#### [The problem]
In the copy you make, keep each entry exactly as it is and leave out all images.

((

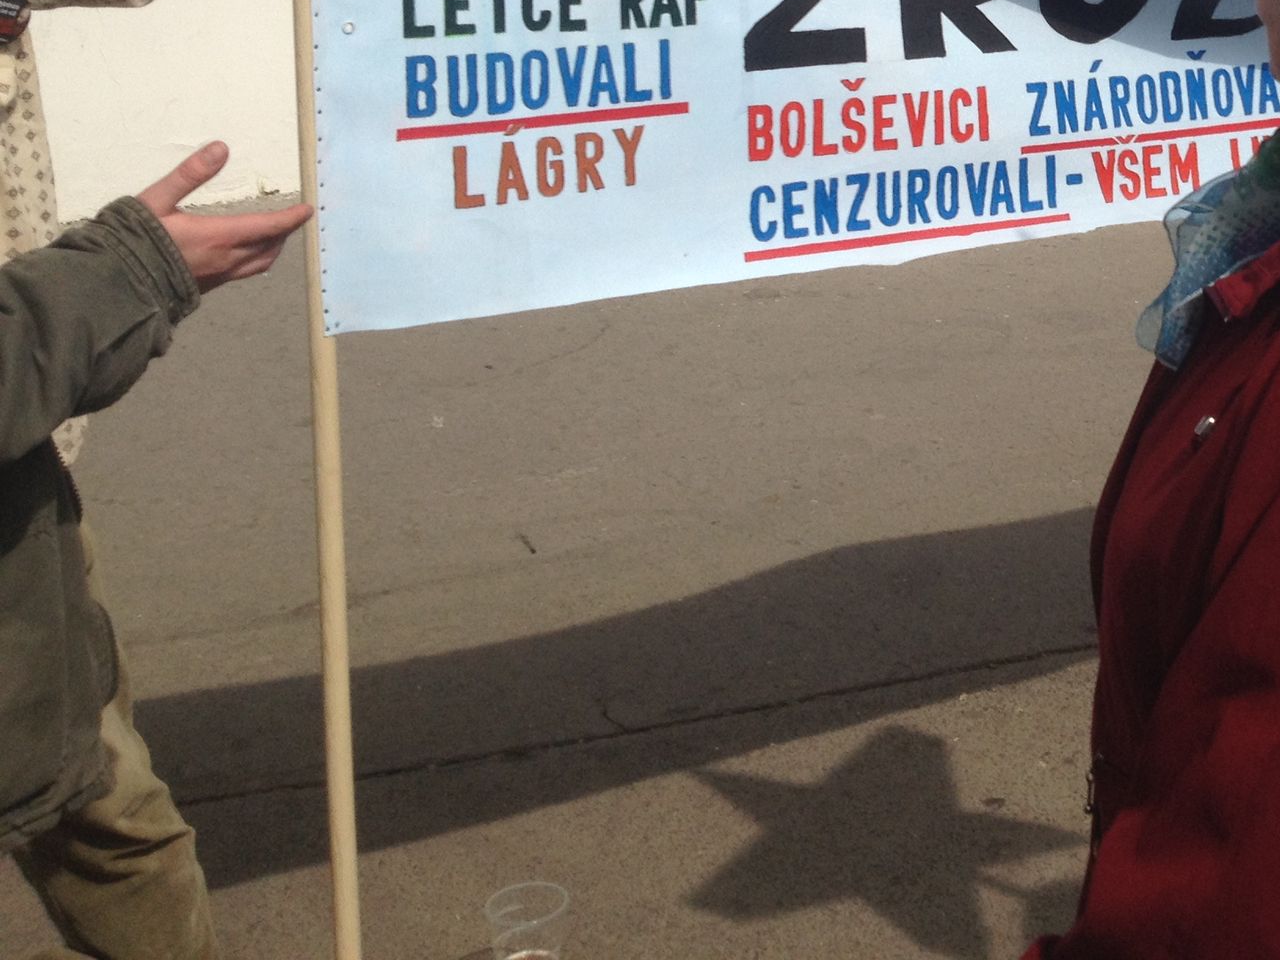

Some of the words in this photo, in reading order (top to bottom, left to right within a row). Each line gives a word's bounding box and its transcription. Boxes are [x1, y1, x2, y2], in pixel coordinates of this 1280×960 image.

[405, 39, 672, 119] BUDOVALI
[747, 78, 990, 162] BOLŠEVICI
[452, 124, 645, 210] LÁGRY
[1091, 135, 1201, 204] VŠEM

))

#### [Finished task]
Some of the words in this photo, in reading order (top to bottom, left to right within a row). Each line gives a word's bounding box and its transcription. Boxes are [x1, y1, x2, y2], in pixel coordinates of this 1280×960 image.

[405, 39, 672, 119] BUDOVALI
[747, 78, 990, 162] BOLŠEVICI
[452, 124, 645, 210] LÁGRY
[1091, 135, 1201, 204] VŠEM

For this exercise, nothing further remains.